Work instructions: Beneath this task are records; tally the lines in them that contain "productos" and report only the number.
────────────────────
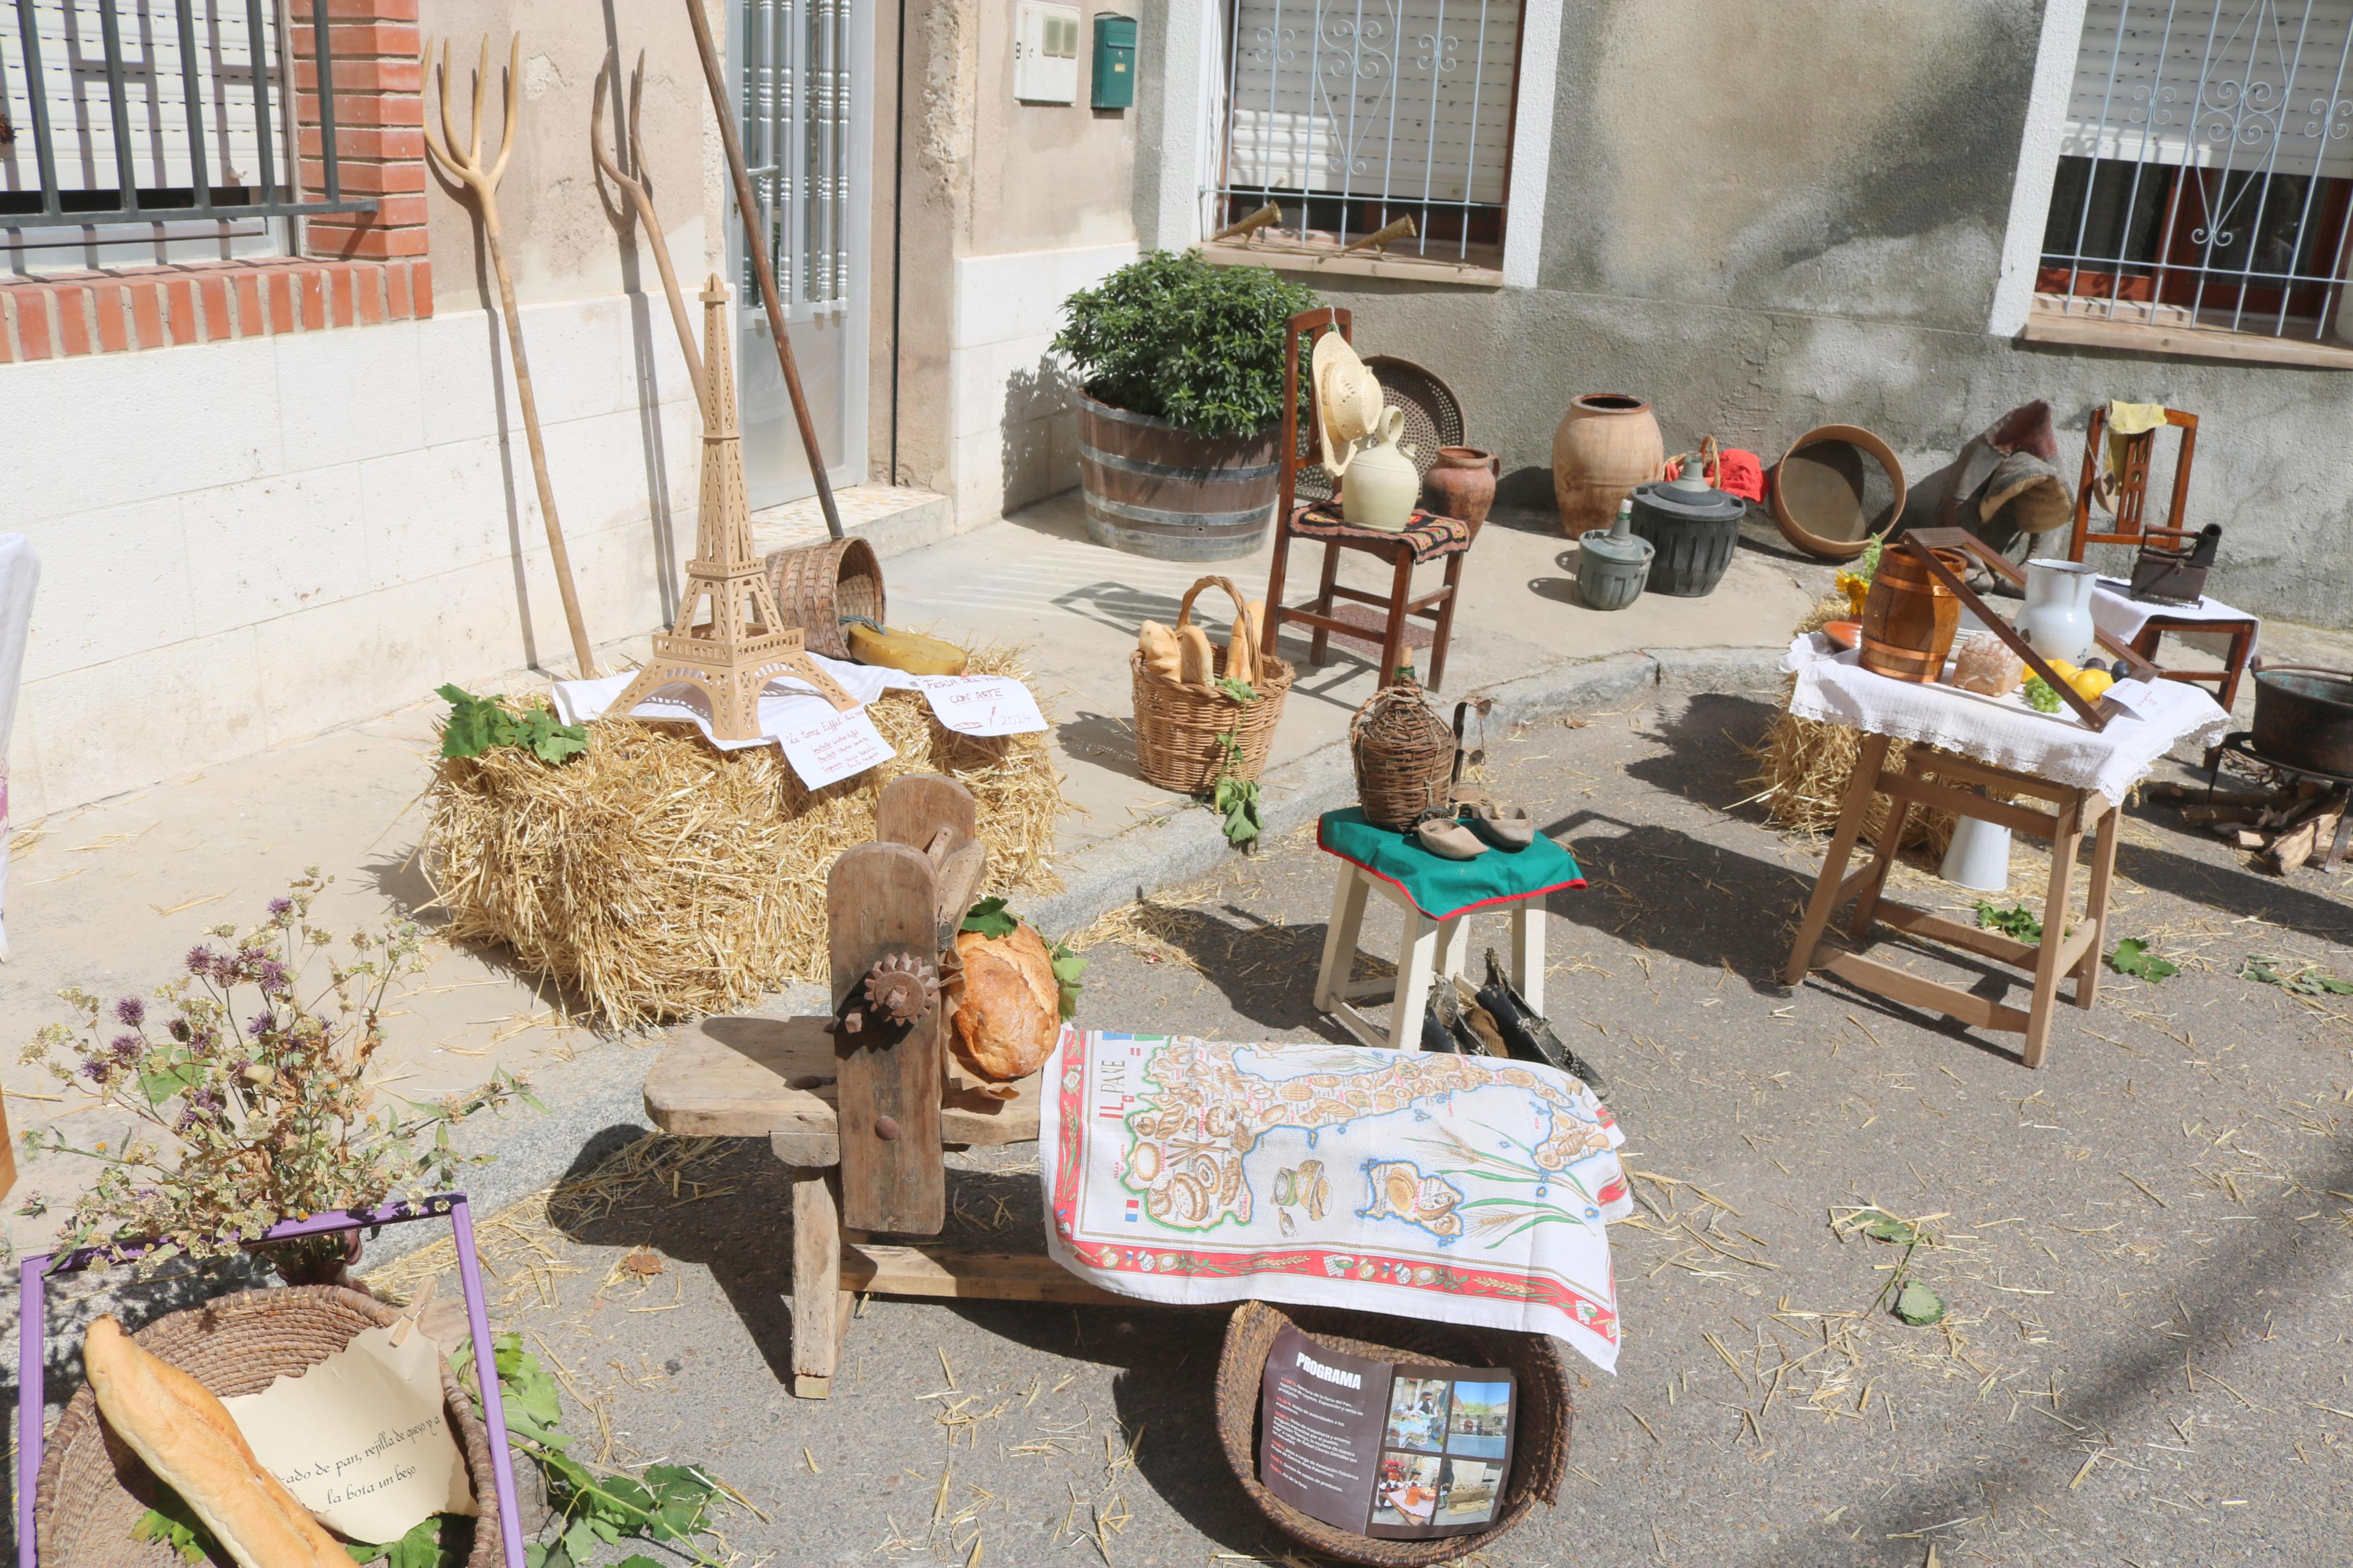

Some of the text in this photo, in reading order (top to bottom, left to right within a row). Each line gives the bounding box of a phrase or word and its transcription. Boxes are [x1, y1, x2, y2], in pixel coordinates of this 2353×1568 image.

[975, 688, 1003, 699] ARTE
[1000, 712, 1031, 726] 2024
[1099, 1060, 1124, 1119] IL PANE
[1412, 1181, 1422, 1214] SARDEGNA
[1296, 1352, 1361, 1390] PROGRAMA
[1278, 1387, 1299, 1399] productos.
[1279, 1381, 1297, 1392] Apertura
[1303, 1393, 1318, 1402] casetas.
[1318, 1399, 1341, 1410] Exposición
[1297, 1384, 1313, 1395] Apertura
[1276, 1402, 1299, 1416] expositores.
[1292, 1403, 1303, 1412] Visita
[1309, 1412, 1334, 1424] autoridades
[1273, 1420, 1293, 1434] Exposición
[1314, 1441, 1332, 1450] muñeca
[1338, 1449, 1355, 1457] nuestra
[1274, 1416, 1290, 1427] antiguos
[1290, 1424, 1309, 1437] expuestos
[1322, 1438, 1339, 1446] pueblo.
[1290, 1418, 1301, 1427] Visita
[1307, 1427, 1330, 1439] maquinaria
[1334, 1437, 1351, 1445] enseres
[314, 1460, 331, 1475] de
[336, 1453, 363, 1477] pan,
[365, 1430, 395, 1460] rejilla
[392, 1427, 405, 1443] de
[406, 1422, 427, 1444] queso
[425, 1420, 438, 1437] y
[434, 1416, 441, 1425] a
[1285, 1432, 1296, 1441] cargo
[1302, 1440, 1315, 1449] Rafael
[1315, 1446, 1330, 1455] Citores
[1330, 1451, 1350, 1461] González
[1284, 1462, 1297, 1473] Sorteo
[1302, 1473, 1314, 1481] cestas
[1321, 1481, 1343, 1492] productos.
[1285, 1448, 1295, 1456] Jotas
[1315, 1463, 1338, 1474] Asociación
[1339, 1470, 1359, 1480] Folclórica
[1287, 1454, 1301, 1464] Danzas
[1312, 1466, 1335, 1478] Palentinos.
[326, 1464, 417, 1505] la bota un beso
[1298, 1481, 1308, 1489] feria.
────────────────────
Written answer: 2